Resources

There's a thing or two to learn about mixing drinks. Here you'll find a articles and resources on mixing techniques, bar equipment recommendations, experiments and various discourses that may or may not be useful.

Recipe Techniques

Fundamentals of Mixing
Drink mixing techniques are fairly basic. Where technique gets complicated is in making it look effortless and cool. In a professional setting, bartenders have to handle multiple orders, conversations, an organized station, make drinks quickly, and make everything look easy. But if you're like me and just making drinks at home, then you really don't have to care about all that. You will, however, have to learn some basic techniques.
Shaking: Fast and hard!
You're going to need to learn how to shake drinks. The only more used recipe techniques are pouring and straining. Shaking is key for recipes going all that way back through the eras. Your hipster bars shake. Dale DeGroff shook at the Rainbow Room. Isaac Washington liked to shake. The Tiki gods shook. Ada Coleman shook for London. And Jerry Thomas definitely shook some drinks.
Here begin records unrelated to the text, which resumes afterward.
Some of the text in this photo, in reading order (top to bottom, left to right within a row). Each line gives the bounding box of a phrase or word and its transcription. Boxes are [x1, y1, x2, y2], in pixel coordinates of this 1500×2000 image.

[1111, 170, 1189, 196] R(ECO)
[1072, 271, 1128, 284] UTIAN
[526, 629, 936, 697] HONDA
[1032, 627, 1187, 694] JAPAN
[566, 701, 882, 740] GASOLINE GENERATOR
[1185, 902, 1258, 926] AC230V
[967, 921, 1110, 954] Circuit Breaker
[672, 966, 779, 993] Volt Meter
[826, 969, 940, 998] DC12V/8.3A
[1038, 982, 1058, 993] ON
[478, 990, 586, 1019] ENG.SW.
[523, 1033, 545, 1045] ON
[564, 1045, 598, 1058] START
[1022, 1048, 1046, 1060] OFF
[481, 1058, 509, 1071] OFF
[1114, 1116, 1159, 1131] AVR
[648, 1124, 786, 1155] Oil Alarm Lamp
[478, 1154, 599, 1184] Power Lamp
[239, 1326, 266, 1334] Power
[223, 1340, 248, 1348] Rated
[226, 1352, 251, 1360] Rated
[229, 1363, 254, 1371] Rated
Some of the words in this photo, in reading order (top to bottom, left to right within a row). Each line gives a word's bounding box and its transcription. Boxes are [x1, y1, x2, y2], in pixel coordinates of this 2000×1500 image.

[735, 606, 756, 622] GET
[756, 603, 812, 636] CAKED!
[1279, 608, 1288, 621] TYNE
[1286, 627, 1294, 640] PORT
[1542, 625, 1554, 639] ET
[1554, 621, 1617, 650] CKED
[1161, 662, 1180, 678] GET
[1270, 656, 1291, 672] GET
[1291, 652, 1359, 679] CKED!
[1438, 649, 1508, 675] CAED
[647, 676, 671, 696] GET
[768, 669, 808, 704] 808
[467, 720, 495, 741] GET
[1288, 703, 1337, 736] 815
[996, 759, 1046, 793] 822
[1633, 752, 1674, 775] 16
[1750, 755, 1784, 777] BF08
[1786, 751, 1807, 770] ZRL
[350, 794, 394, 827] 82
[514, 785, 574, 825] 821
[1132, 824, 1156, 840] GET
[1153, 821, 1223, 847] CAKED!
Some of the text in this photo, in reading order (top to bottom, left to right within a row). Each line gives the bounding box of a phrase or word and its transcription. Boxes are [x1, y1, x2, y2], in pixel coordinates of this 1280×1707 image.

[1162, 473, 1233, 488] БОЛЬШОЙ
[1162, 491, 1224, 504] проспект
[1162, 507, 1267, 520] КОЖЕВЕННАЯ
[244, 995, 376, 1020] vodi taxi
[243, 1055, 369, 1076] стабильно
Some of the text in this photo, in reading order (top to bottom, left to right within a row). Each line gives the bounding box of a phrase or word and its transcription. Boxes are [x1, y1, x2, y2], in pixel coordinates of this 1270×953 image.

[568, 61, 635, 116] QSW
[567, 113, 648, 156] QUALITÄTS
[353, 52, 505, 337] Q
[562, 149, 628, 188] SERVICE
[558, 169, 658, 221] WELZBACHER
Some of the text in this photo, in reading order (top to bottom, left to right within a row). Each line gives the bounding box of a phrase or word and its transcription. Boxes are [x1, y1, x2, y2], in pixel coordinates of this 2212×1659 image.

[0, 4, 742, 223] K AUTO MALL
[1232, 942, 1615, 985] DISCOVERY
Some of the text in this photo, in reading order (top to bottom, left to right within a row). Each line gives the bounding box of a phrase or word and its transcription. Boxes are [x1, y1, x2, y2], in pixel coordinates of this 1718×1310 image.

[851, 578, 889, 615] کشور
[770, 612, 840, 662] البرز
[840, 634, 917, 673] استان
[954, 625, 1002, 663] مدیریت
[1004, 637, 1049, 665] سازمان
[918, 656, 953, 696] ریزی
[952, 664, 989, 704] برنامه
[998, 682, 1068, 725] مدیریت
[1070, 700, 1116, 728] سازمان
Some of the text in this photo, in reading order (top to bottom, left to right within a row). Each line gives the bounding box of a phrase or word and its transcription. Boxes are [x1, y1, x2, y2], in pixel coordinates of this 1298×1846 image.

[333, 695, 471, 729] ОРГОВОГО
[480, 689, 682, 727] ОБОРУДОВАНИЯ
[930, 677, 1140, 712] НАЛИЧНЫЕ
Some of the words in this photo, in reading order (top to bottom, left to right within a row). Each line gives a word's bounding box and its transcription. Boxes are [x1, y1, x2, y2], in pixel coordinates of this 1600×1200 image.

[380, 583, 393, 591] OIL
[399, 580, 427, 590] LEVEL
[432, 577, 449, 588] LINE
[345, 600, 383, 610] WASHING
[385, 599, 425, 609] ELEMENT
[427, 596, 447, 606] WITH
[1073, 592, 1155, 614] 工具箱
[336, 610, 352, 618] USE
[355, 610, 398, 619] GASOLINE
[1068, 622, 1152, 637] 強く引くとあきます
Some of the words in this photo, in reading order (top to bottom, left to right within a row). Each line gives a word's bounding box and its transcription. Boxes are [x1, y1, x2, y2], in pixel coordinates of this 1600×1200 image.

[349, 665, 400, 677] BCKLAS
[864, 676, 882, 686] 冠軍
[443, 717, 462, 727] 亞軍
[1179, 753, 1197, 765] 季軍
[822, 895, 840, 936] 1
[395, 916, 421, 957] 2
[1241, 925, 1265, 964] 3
That's why you are going to learn to shake a drink too.
Stirring: Clear, cold and quiet
Stirring seems so pleasantly simple, like all you have to do is put some ingredients together with ice and twirl it around quietly in a glass. It's deceptive. Whereas shaking is brutish, nearly impossible to mess up. Stirring actually takes more effort and is more persnickety.
Blending: Tiki and tropical
Admittedly, my first forays into making my own drinks were with my old Oster blender, a frozen can of Bacardi Pina Colada mix, ice, and some rum. It went over well enough to impress a girl in the library. I didn't blend a drink for about 18 years. 2018 is the year I discovered the Coconaut. That girl in the library missed out on a lot of great things, including Coconauts. Everyone I've served one too has always requested it again. This may be the one drink I've found that is guaranteed to bring everyone happiness. If anything, you should learn how to blend drinks just to make Coconauts.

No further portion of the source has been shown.